• _What you need to do_: Except for the pictures, output the records in full and exactly.

• _Material to process_:
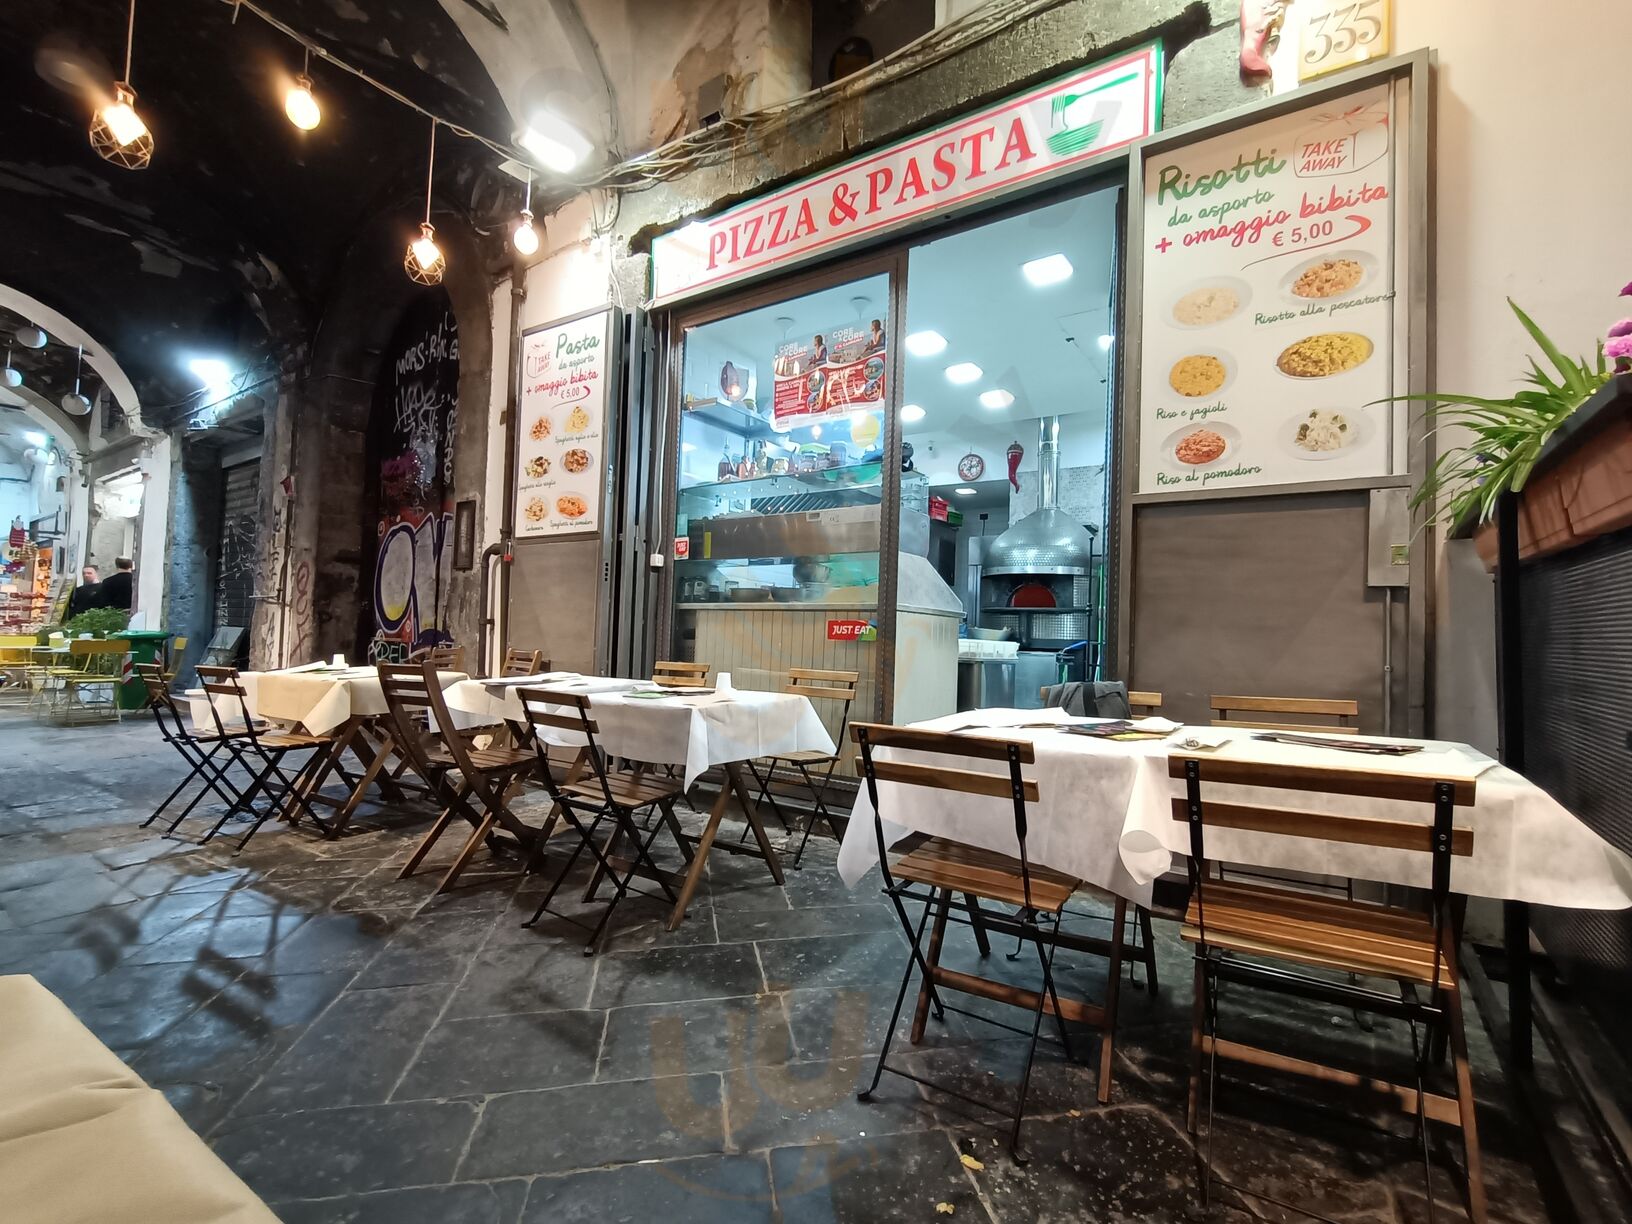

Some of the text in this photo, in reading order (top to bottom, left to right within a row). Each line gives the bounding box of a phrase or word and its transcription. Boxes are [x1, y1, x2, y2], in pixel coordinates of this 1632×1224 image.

[1304, 0, 1382, 64] 335
[1301, 137, 1348, 159] TAKE
[1299, 155, 1348, 174] AWAY
[1156, 148, 1287, 206] Risotti
[706, 197, 818, 271] PIZZA
[864, 116, 1038, 215] PASTA
[1155, 183, 1389, 253] + omaggio bibita
[1167, 188, 1275, 228] da asporto
[1291, 220, 1334, 244] 5,00
[1254, 312, 1297, 326] Risotto
[1299, 303, 1326, 317] alla
[555, 333, 601, 359] Pasta
[569, 367, 599, 385] bibita
[1156, 408, 1179, 420] Riso
[1156, 462, 1263, 486] Riso al pomodoro
[832, 625, 870, 635] JUST EAT

• _Result for this task_:
Some of the text in this photo, in reading order (top to bottom, left to right within a row). Each line gives the bounding box of a phrase or word and its transcription. Boxes are [x1, y1, x2, y2], in pixel coordinates of this 1632×1224 image.

[1304, 0, 1382, 64] 335
[1301, 137, 1348, 159] TAKE
[1299, 155, 1348, 174] AWAY
[1156, 148, 1287, 206] Risotti
[706, 197, 818, 271] PIZZA
[864, 116, 1038, 215] PASTA
[1155, 183, 1389, 253] + omaggio bibita
[1167, 188, 1275, 228] da asporto
[1291, 220, 1334, 244] 5,00
[1254, 312, 1297, 326] Risotto
[1299, 303, 1326, 317] alla
[555, 333, 601, 359] Pasta
[569, 367, 599, 385] bibita
[1156, 408, 1179, 420] Riso
[1156, 462, 1263, 486] Riso al pomodoro
[832, 625, 870, 635] JUST EAT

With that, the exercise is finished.